Nello scorso mese di giugno l’incontro con i fratelli colpiti dalle limitazioni dell’età e della salute nella Provincia di Francia/Belgio, mi ha spinto a riflettere. In tante case e infermerie nel mondo, infatti, incontro fratelli che hanno vissuto in Provincia come in missione: diversi sono sereni e appassionati per il nostro futuro e vivono con pazienza il ritiro dall’attività e la malattia, mentre altri fanno più fatica. Raccolgo belle testimonianze di vita da parte dei fratelli che si prendono cura degli anziani, anche insieme a persone esterne.
Ho incontrato sinora anche fratelli che hanno vissuto situazioni molto difficili, come invalidità molto gravi o sofferenze psichiche importanti, oltre alle conseguenze dei procedimenti per abusi o altre gravi mancanze. Sono stati per me momenti molto intensi, anche emotivamente.
Incontro anche frati anziani e infermi che sono accuditi nelle rispettive Fraternità locali, garantendo loro accoglienza e dignità in questa età e condizione di vita. Spesso tutta la fraternità provinciale si fa carico di questa condizione di vita, che non si vuole relegare al margine.
In tutte queste circostanze siamo chiamati a vivere la nostra vocazione di frati minori nelle diverse età della vita, sino alla sua ultima fase. La vocazione, infatti, non ci riguarda solo quando siamo efficienti, ma anche quando siamo più vulnerabili e sembriamo umanamente “inutili”.
La debolezza che ci segna attraverso questi fratelli più fragili è un segno e la vogliamo accogliere nella fede e non con rassegnazione o fatalismo. Mi chiedo se il Signore non ci chieda oggi di rispondere alla nostra vocazione proprio in questa realtà di debolezza, accolta come opportunità.
Non siamo soli in questa sfida. Infatti, in non poche società il numero dei vecchi cresce e pone tante sfide umane, sociali e anche economiche. La risposta sembra spesso quella di marginalizzare o isolare in ambienti protetti gli anziani, sentiti come problema più che come presenza e ricchezza. Cresce spesso anche il risentimento delle nuove generazioni per la situazione lasciata dalle precedenti.
Per questo il nostro modo di accompagnare questa età della vita può diventare un segno profetico, in una cultura dove cresce la tendenza alla morte come risposta alla debolezza e alla sofferenza, sentite come insopportabili e persino non umane.
In tutto ciò, mi chiedo che cosa ci dica lo Spirito del Signore attraverso tanti fratelli anziani e infermi presenti tra noi.

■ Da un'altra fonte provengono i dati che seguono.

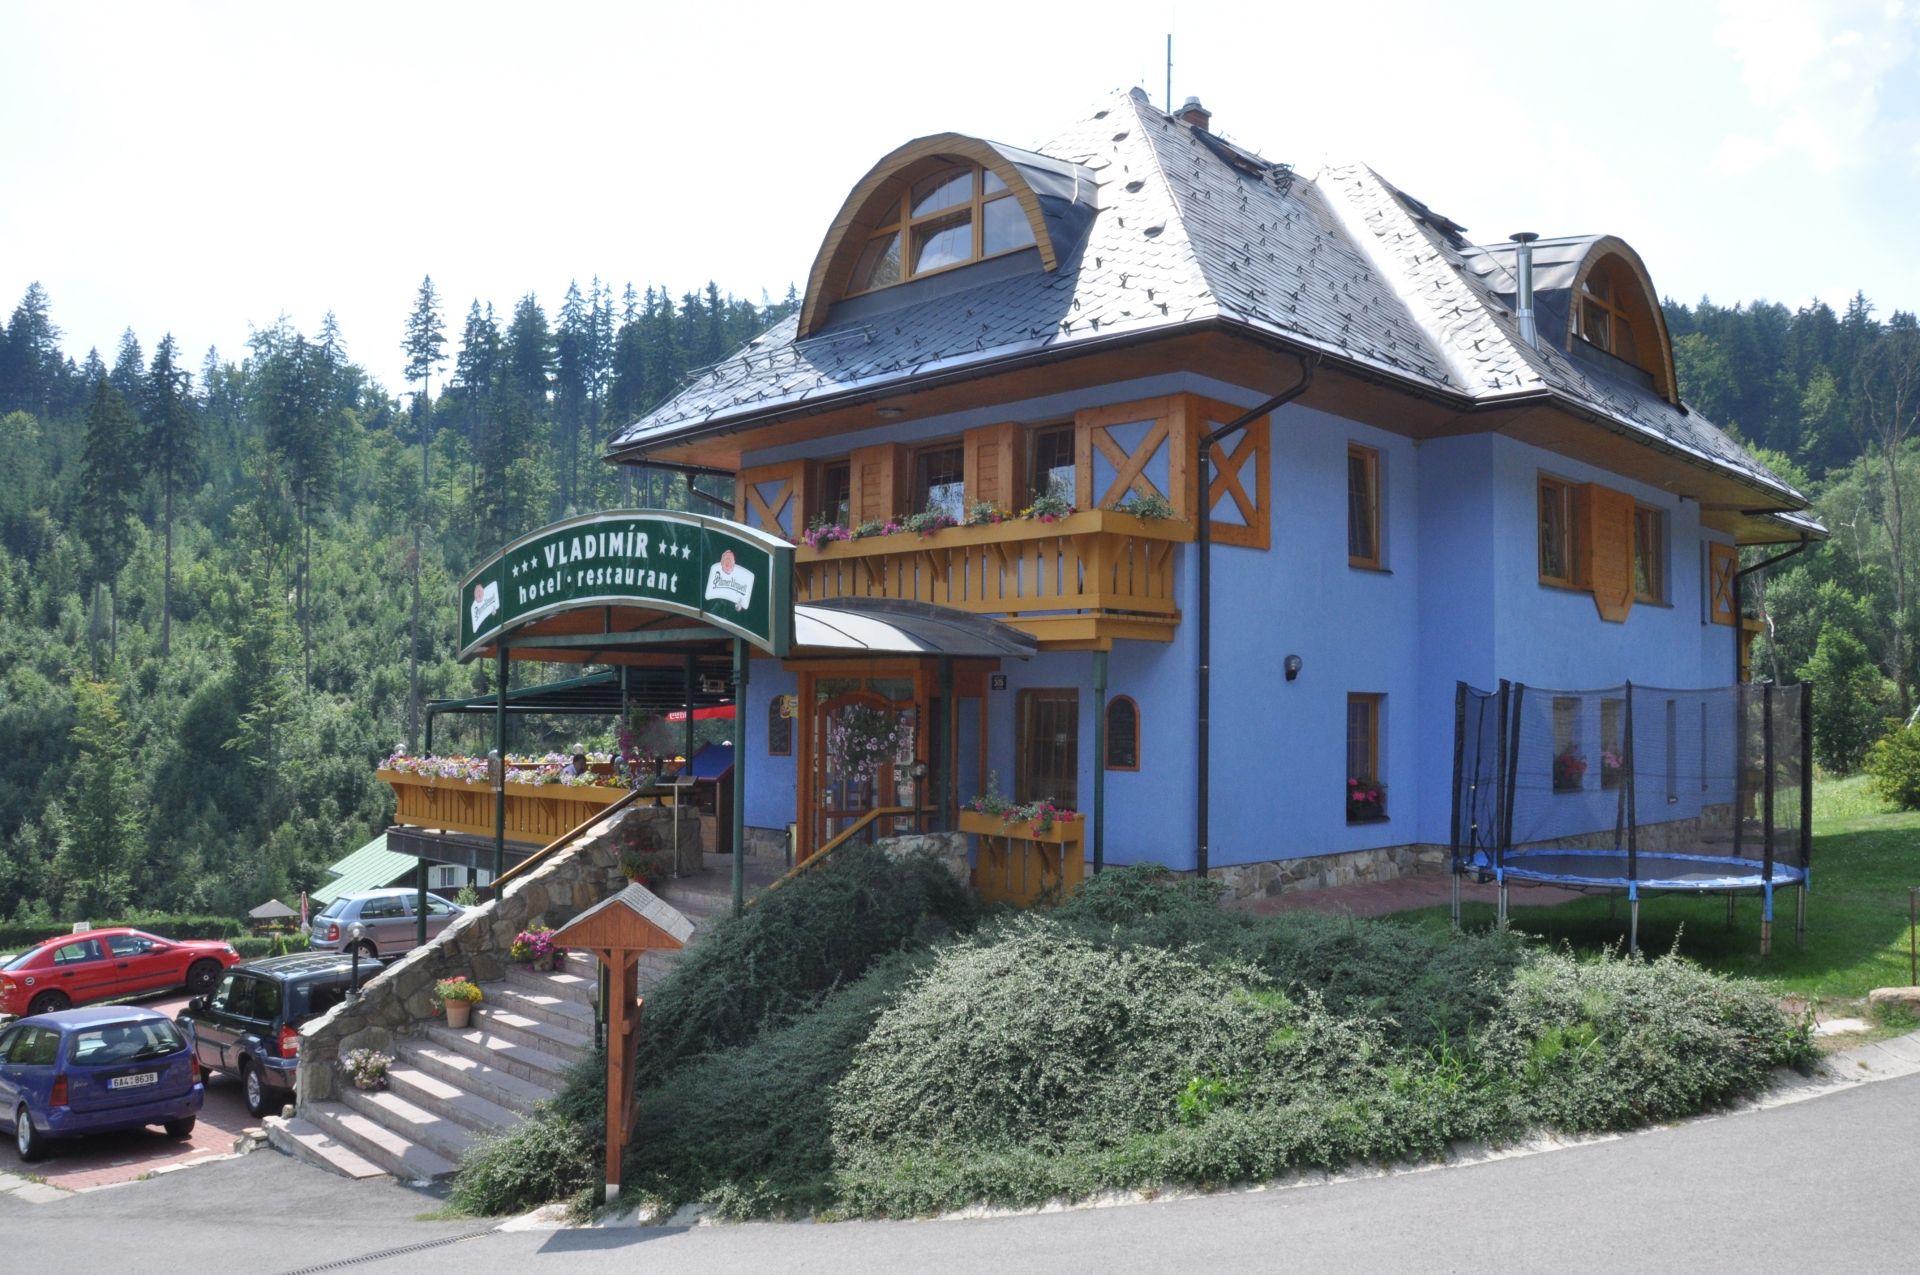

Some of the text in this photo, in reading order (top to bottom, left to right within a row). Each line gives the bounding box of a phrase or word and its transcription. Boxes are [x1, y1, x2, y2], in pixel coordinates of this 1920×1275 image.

Grazie a loro mi sembra che siamo spinti anzitutto a non avere paura della diminuzione e dell’invecchiamento, per imparare ad affrontare, elaborare e vivere il limite e la morte come parte della vita. È un segno importante, che ci fa bene, anche per essere vicini a tante persone del nostro tempo. Se accettiamo questa logica pasquale, confido che potremo riconoscere quale futuro ci apra oggi lo Spirito, per una vita piena secondo il Vangelo.